Please return the lines, both ends included, that run from the one containing "Some of the text" to the last line of the data below, exactly and alone.

» Records contained in a dataset:

###

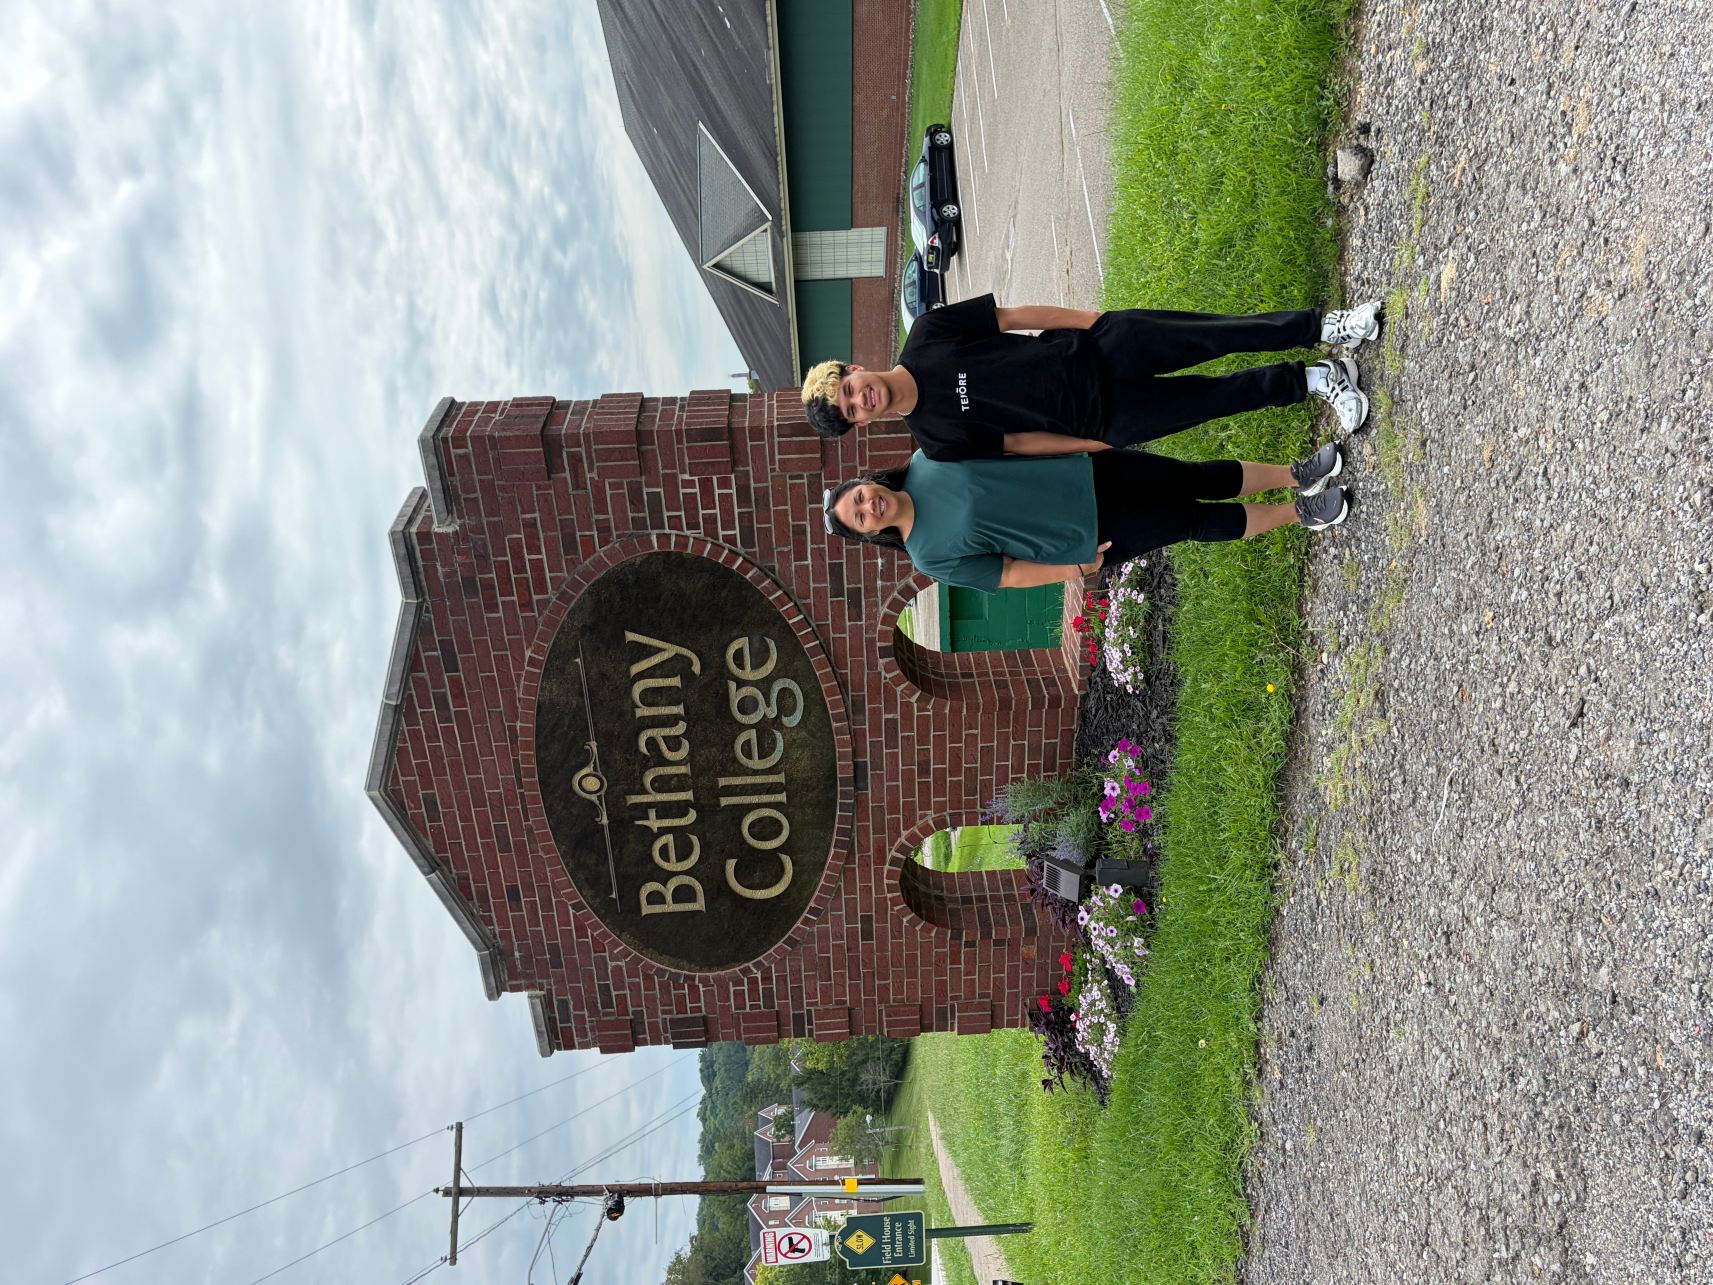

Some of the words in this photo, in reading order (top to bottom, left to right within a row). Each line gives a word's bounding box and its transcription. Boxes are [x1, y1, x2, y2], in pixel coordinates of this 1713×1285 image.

[624, 629, 707, 917] Bethany
[717, 635, 804, 900] College
[881, 1216, 891, 1242] House
[894, 1221, 903, 1257] Entrance
[907, 1219, 917, 1235] Sight
[764, 1232, 776, 1263] WARNING
[856, 1234, 864, 1250] SLOW
[882, 1244, 892, 1264] Field
[907, 1235, 916, 1258] Limited
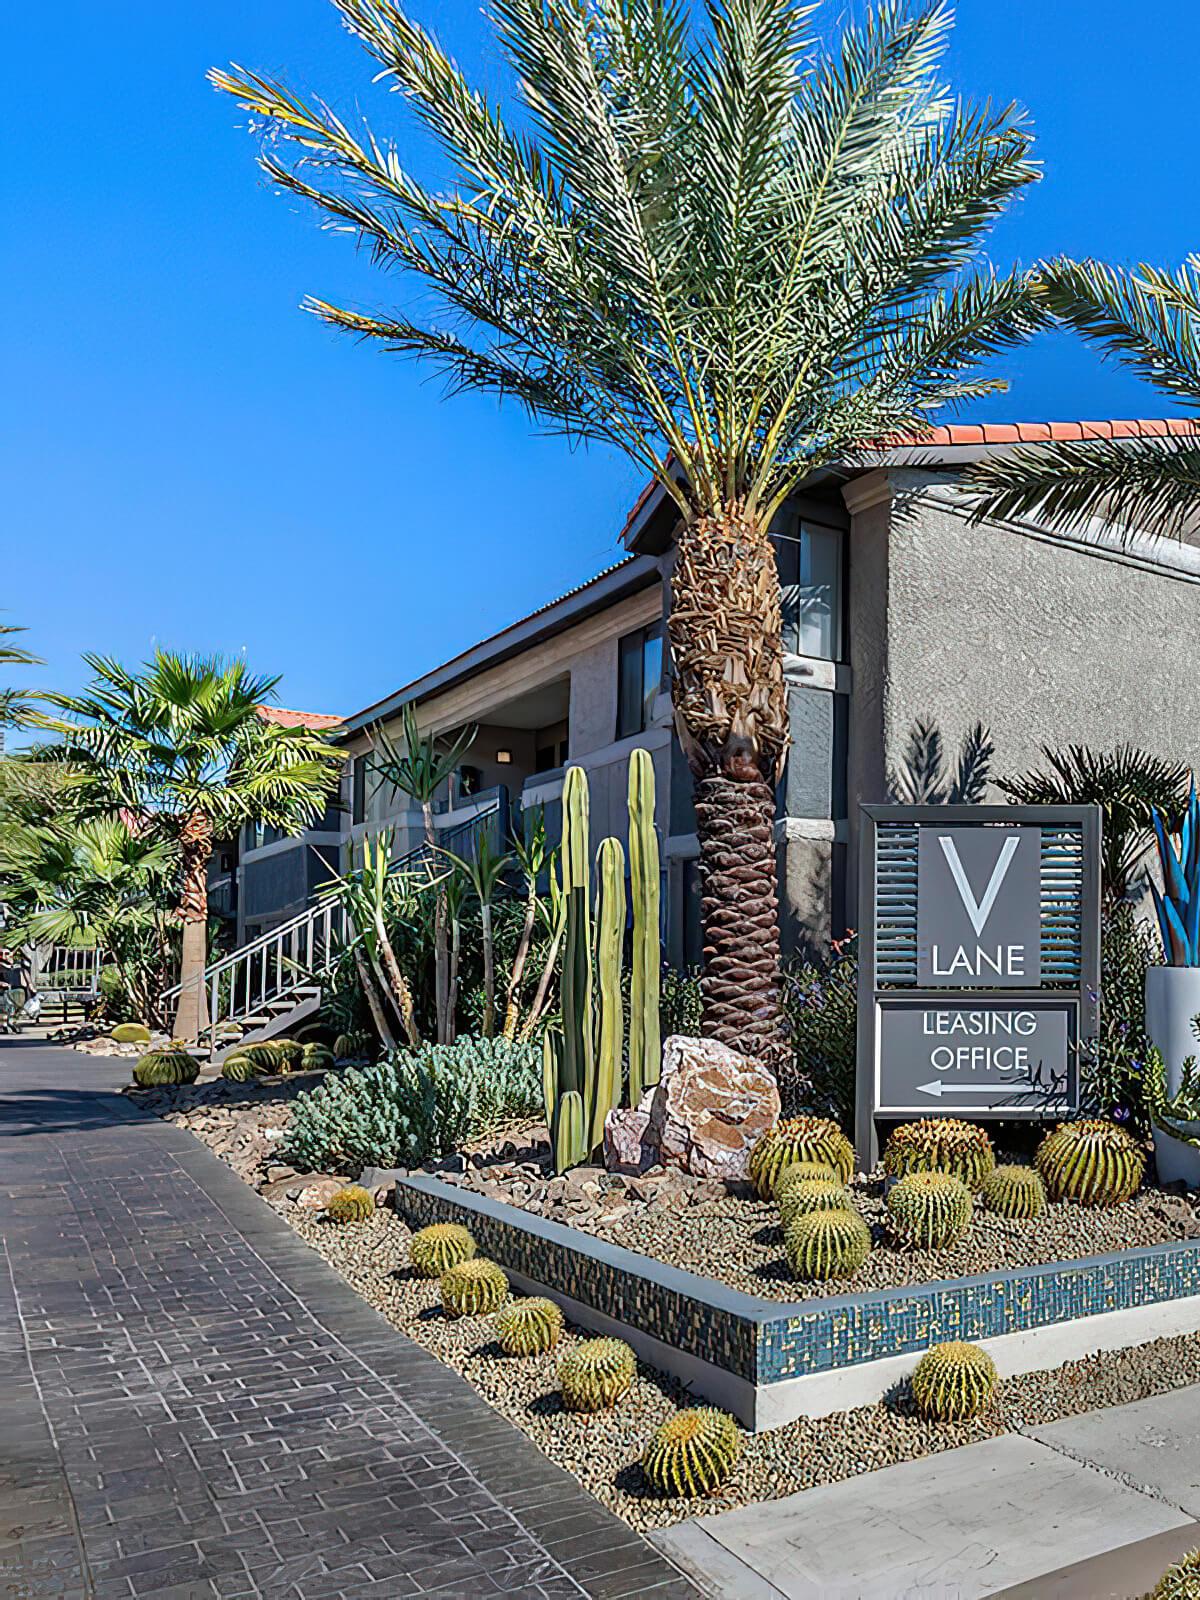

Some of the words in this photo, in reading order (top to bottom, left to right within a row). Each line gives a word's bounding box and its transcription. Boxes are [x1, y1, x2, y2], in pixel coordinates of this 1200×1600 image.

[937, 836, 1021, 938] V
[932, 945, 1025, 976] LANE
[922, 1011, 1037, 1036] LEASING
[930, 1046, 1029, 1071] OFFICE
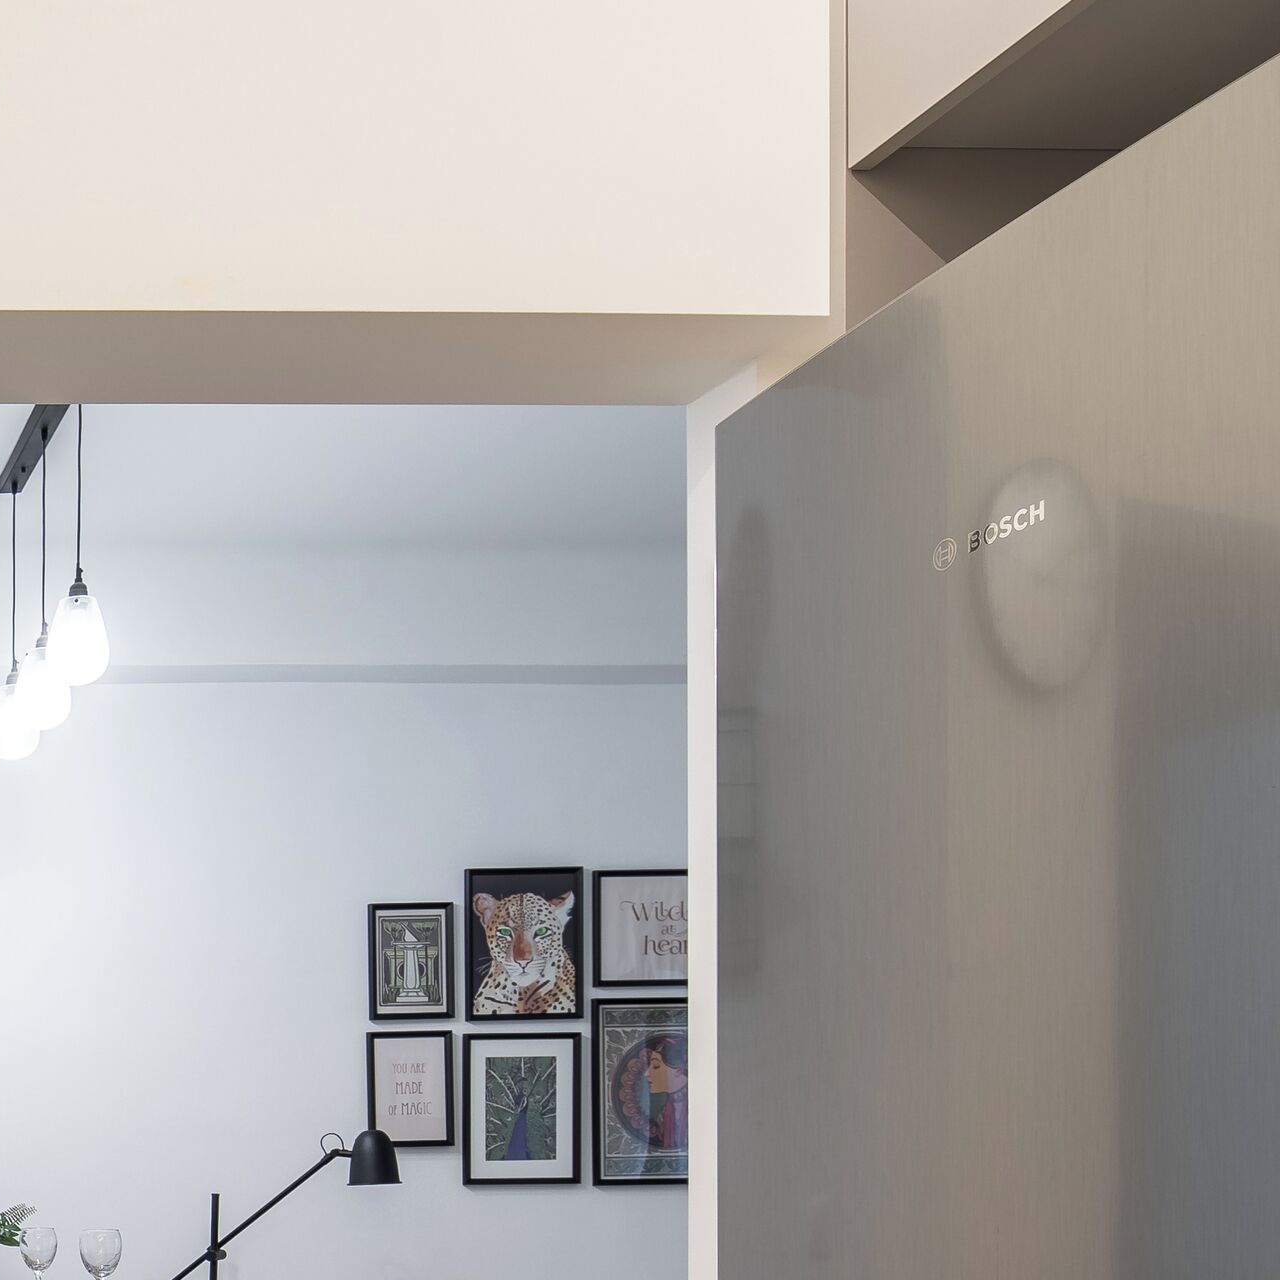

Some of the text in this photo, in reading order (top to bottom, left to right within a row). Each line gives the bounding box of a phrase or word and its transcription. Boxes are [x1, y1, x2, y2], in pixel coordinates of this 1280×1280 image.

[968, 500, 1045, 553] BOSCH
[392, 1063, 426, 1074] YOU ARE
[395, 1081, 423, 1095] MADE
[401, 1102, 432, 1116] MAGIC

###

» ANSWER SPACE:
Some of the text in this photo, in reading order (top to bottom, left to right within a row). Each line gives the bounding box of a phrase or word and its transcription. Boxes are [x1, y1, x2, y2], in pixel coordinates of this 1280×1280 image.

[968, 500, 1045, 553] BOSCH
[392, 1063, 426, 1074] YOU ARE
[395, 1081, 423, 1095] MADE
[401, 1102, 432, 1116] MAGIC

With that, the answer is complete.